18. Dès lors, le fait que M. [N] soit mis en examen pour les faits de détention non autorisée d'arme de catégorie B, en récidive, ne justifiait pas l'application des dispositions de l'article 137-3 dès lors que, hors récidive, ce délit est puni de cinq ans d'emprisonnement.
19. Ainsi, le moyen doit être écarté.
20. Par ailleurs l'arrêt est régulier, tant en la forme qu'au regard des dispositions des articles 137-3 et 143-1 et suivants du code de procédure pénale.
Dispositif
PAR CES MOTIFS, la Cour :
REJETTE le pourvoi ;
Ainsi fait et jugé par la Cour de cassation, chambre criminelle, et prononcé par Mme de la Lance en son audience publique du dix-neuf avril deux mille vingt-trois.
Questions fréquentes
Quelles sont les conditions pour un placement sous surveillance électronique mobile ?
Selon l'article 142-5 du code de procédure pénale, le placement sous surveillance électronique mobile peut être ordonné si la personne est mise en examen pour une infraction punie de plus de sept ans d'emprisonnement et pour laquelle le suivi socio-judiciaire est encouru.
La récidive est-elle prise en compte pour déterminer si la peine dépasse sept ans ?

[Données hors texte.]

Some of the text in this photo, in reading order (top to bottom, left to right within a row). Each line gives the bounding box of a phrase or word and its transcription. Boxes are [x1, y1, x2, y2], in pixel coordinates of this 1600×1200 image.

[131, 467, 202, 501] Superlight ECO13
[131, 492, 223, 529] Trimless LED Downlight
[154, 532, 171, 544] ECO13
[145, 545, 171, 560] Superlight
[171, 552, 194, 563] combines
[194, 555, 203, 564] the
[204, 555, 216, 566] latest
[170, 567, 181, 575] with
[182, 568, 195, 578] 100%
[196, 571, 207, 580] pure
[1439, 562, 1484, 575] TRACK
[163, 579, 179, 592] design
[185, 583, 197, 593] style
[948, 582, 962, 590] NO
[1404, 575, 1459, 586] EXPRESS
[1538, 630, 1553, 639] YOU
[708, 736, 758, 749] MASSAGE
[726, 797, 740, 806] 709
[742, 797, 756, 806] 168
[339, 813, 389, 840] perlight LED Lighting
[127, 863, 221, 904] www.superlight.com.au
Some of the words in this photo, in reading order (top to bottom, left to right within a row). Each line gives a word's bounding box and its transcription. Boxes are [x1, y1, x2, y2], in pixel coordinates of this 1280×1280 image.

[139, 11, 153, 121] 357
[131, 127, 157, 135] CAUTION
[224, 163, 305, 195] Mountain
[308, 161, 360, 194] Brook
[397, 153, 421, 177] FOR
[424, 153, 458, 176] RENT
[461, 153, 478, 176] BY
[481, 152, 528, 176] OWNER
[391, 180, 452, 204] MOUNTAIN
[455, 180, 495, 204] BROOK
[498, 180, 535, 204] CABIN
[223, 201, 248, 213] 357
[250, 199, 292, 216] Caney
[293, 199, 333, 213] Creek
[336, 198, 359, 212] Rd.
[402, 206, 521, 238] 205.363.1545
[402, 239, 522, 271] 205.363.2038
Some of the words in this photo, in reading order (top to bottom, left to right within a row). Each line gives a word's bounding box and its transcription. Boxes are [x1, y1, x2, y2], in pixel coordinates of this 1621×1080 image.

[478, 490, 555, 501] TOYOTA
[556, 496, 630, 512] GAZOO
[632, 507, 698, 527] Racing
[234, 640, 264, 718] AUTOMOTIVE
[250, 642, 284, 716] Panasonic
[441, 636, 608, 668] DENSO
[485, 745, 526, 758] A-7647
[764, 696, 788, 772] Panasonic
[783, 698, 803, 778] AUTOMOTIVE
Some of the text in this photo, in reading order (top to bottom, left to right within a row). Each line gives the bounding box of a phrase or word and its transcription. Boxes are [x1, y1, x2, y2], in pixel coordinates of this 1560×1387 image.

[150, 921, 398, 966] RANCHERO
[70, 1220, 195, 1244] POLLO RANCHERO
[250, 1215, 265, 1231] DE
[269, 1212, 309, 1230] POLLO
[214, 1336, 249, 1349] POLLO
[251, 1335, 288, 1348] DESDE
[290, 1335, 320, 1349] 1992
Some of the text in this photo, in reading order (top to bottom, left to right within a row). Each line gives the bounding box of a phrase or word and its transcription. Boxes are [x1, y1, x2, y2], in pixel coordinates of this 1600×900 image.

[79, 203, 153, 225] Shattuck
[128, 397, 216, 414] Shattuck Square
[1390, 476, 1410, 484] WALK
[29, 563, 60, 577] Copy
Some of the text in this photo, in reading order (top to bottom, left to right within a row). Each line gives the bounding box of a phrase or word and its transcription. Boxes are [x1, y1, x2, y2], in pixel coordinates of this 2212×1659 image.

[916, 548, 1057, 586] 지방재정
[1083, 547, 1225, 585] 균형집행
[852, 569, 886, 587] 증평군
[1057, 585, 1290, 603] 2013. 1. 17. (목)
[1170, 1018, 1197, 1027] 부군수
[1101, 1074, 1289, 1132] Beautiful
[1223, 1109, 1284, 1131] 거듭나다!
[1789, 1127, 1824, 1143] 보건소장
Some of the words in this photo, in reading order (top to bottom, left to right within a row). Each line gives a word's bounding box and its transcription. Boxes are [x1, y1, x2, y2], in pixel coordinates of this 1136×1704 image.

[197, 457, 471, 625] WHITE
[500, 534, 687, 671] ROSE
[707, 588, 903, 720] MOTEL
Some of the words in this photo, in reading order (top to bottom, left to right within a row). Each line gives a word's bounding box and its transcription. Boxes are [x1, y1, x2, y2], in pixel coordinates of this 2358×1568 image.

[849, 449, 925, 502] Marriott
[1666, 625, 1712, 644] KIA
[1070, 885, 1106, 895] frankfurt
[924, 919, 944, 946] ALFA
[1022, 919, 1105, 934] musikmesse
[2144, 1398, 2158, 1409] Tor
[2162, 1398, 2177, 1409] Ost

Non, la circonstance de récidive n'est pas prise en compte pour déterminer si l'infraction est punie de plus de sept ans d'emprisonnement. La peine s'apprécie sans tenir compte de la récidive.
Qu'est-ce que le suivi socio-judiciaire ?
Le suivi socio-judiciaire est une mesure prévue par le code pénal qui peut être prononcée pour certaines infractions, impliquant un suivi médical, psychologique ou social, et pouvant inclure une injonction de soins.
Puis-je être placé sous surveillance électronique mobile si je suis en état de récidive ?
Oui, la récidive n'empêche pas le placement sous surveillance électronique mobile, mais elle n'est pas prise en compte pour déterminer si la peine encourue dépasse sept ans. Si l'infraction de base est punie de plus de sept ans, le placement est possible.
Quelle est la différence entre la surveillance électronique mobile et le bracelet électronique ?
La surveillance électronique mobile (PSEM) est un dispositif de localisation à distance, souvent utilisé dans le cadre d'un suivi socio-judiciaire, tandis que le bracelet électronique est un dispositif de surveillance à domicile. Le PSEM permet de suivre les déplacements de la personne.